The local deciduous oaks in our garden and on the surrounding hillside provide food and nesting sites for great tits (Parus major), blue tits (Parus caeruleus) and the delightful and highly social long-tailed tits (Aegithalos caudatus)
Shrubs and hedging are used by common nightingales (Luscinia megarhynchos), whose songs we enjoy throughout spring and early summer, as well as blackcaps (Sylvia atricapilla) with their similar but less complex song and Sardinian warblers (Sylvia melanocephala).
We constructed two bat boxes last year, using plans available on the internet. In fact we had happily constructed one and then as we read further through the instructions we discovered that the females and juveniles roost separately from the males, so we launched in to building the second box to ensure we did not create any uncomfortable social situations! We now have at least one resident in the boxes.
While owls are generally more often heard than seen, we have been lucky enough to see a Eurasian scops.
One evening we were surprised by a short-eared owl (Asio flammeus) which landed on the seat of an old bicycle that was standing in the garden.
We are, currently, on the losing side in the “Battle of the Voles” who have eaten the roots of more of our plants than I would like to admit.
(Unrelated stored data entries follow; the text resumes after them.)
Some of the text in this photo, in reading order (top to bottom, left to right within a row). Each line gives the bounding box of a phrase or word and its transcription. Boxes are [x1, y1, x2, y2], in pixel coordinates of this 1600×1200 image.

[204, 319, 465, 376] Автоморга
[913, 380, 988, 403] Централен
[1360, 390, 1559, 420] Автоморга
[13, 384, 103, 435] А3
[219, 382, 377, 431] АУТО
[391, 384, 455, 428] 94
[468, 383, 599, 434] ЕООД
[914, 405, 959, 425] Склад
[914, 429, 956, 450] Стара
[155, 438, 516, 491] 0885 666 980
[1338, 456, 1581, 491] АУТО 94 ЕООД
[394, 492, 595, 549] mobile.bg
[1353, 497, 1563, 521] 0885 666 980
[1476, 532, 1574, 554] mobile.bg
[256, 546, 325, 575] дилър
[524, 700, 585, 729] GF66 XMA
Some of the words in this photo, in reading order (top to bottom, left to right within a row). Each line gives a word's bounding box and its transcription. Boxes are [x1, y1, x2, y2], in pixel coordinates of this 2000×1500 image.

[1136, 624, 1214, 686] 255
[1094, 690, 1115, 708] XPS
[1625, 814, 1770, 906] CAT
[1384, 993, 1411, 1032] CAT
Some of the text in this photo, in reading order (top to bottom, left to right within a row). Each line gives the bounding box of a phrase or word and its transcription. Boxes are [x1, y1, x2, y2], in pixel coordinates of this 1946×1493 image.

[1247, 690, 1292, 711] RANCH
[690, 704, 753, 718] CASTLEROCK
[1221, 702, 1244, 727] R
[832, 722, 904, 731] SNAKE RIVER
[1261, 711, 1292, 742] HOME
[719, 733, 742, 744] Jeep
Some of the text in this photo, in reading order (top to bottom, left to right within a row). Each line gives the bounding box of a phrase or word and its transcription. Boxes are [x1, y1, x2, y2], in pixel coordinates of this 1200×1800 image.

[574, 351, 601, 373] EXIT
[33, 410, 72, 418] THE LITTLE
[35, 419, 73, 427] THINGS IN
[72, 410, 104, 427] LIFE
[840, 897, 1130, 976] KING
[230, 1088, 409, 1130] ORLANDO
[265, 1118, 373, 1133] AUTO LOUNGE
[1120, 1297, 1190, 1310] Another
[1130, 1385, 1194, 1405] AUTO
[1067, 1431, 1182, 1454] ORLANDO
Our strategy to date has been to cross our fingers and hope that the owls and the non-venomous green whip snakes (Hierophis viridiflavus) that use our shed (literally in fact, when they slough) will enjoy the abundance of food and bring the vole numbers back into balance.
The environment is an enormously complex web of interrelated forces and thus there are rarely going to be black and white answers. There will always be very good reasons for including non-native species in your garden, for example the conservation of rare and endangered species as is valuably, and highly commendably, done by many MGS members. However, where your choice of a non-native plant is because it will look good, be low-maintenance or be pest-free, I would urge you to reconsider and choose instead a native plant. To protect our native environment, and to work to rebuild corridors of native vegetation in both urban and rural landscapes, we should all try to make native plants the cornerstone of our gardens.